The Georgia Senate passed a bill on Feb. 26 that would allow the state to apply for a Section 1115 Medicaid waiver requesting the extension of Medicaid eligibility to working-age adults with incomes below 100 percent of the federal poverty level. The legislation is now under consideration in the House.
Minnesota Gov. Tim Walz introduced the FY 2020–21 Governor’s Budget Recommendations on Feb. 19, including a proposal that would direct the Minnesota Department of Human Services to establish a public, platinum-level buy-in product in the state’s individual health insurance exchange. The new option, called OneCare, would be financed by an initial startup investment, and then fully funded by consumer premiums.

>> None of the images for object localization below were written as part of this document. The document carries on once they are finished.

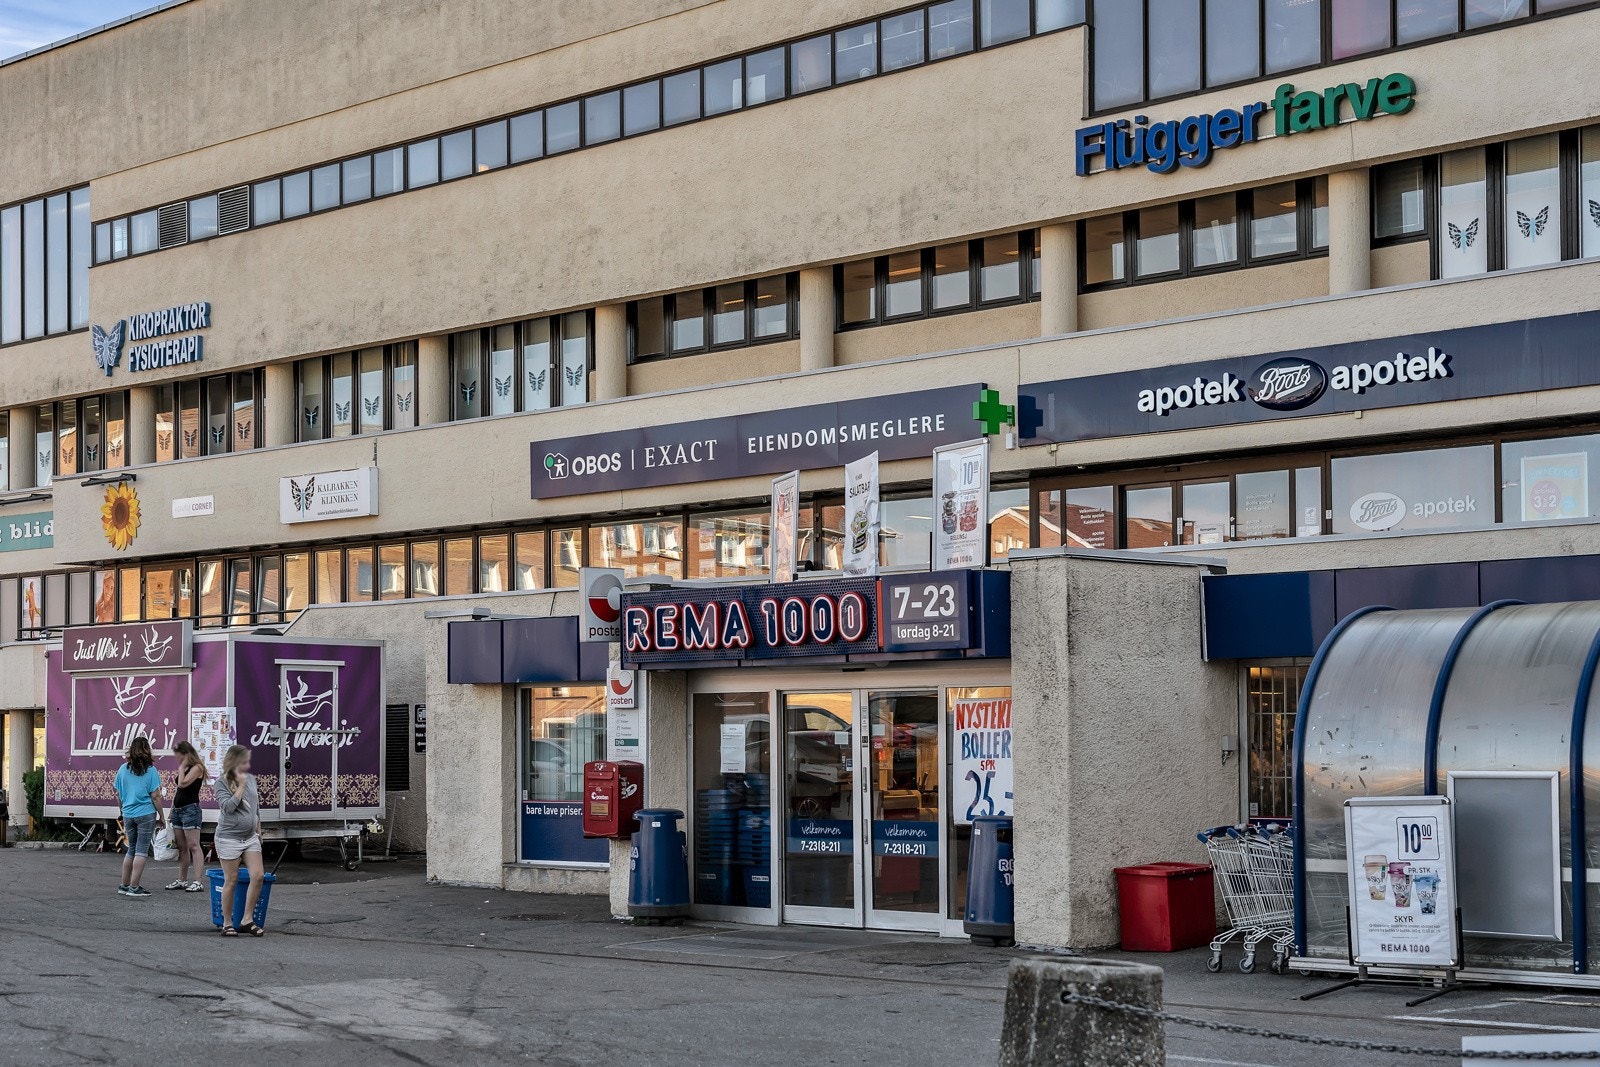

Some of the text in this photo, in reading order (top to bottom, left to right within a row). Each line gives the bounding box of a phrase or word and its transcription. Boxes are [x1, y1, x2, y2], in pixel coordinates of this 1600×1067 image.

[1075, 72, 1416, 177] Flügger farve
[128, 302, 210, 341] KIROPRAKTOR
[128, 335, 203, 372] FYSIOTERAPI
[1137, 346, 1448, 416] apotek Boots apotek
[572, 414, 945, 476] OBOS EXACT EIENDOMSMEGLERE
[317, 480, 359, 493] KALBAKKEN
[191, 501, 213, 511] CORNER
[321, 493, 359, 505] KLINIKKEN
[1534, 495, 1541, 508] 3
[1548, 494, 1557, 508] 2
[1356, 495, 1477, 523] Boots apotek
[9, 520, 54, 540] blid
[894, 584, 955, 619] 7-23
[624, 591, 868, 652] REMA 1000
[897, 623, 954, 641] lørdag 8-21
[73, 633, 132, 661] Just Wok it
[610, 696, 633, 705] posten
[87, 723, 122, 750] Just
[961, 730, 1012, 760] BOLLER
[526, 804, 542, 815] bare
[543, 805, 559, 815] lave
[560, 805, 583, 818] priser.
[801, 822, 841, 836] velkommen
[885, 824, 928, 837] velkommen
[1402, 823, 1421, 854] 10
[801, 840, 841, 853] 7-23(8-21)
[884, 842, 926, 855] 7-23(8-21)
[1394, 915, 1413, 923] SKYR
[1381, 944, 1430, 953] REMA 1000

A bill introduced in California on Feb. 19 would require large group health insurers to file certain information, including total earned premiums and total incurred claims for each contract or policy form, at least 120 days before implementing a rate change. Under the bill, a rate change would be considered unjustified if the required information is not filed. In addition, the bill would eliminate confidentiality protections for contracted rates between a health care service plan and a large group.
South Dakota Gov. Kristi Noem signed a bill into law on Feb. 14 revising the state’s rules for association health plans (AHPs) to match a federal rule, finalized in June 2018, that broadened the scope and availability of AHPs.
Alaska Gov. Michael Dunleavy introduced a fiscal year 2020 budget proposal on Feb. 13, including a proposed reduction in funding for the state’s Medicaid program by approximately $270 million.
Utah Gov. Gary Herbert signed a bill into law on Feb. 11 making changes to the expansion of the state’s Medicaid program approved by voters on a November 2018 ballot initiative. The legislation extends eligibility for Medicaid coverage to working-age adults with incomes below 100 percent of the FPL, rather than to those with incomes below 138 percent of the FPL as approved by voters.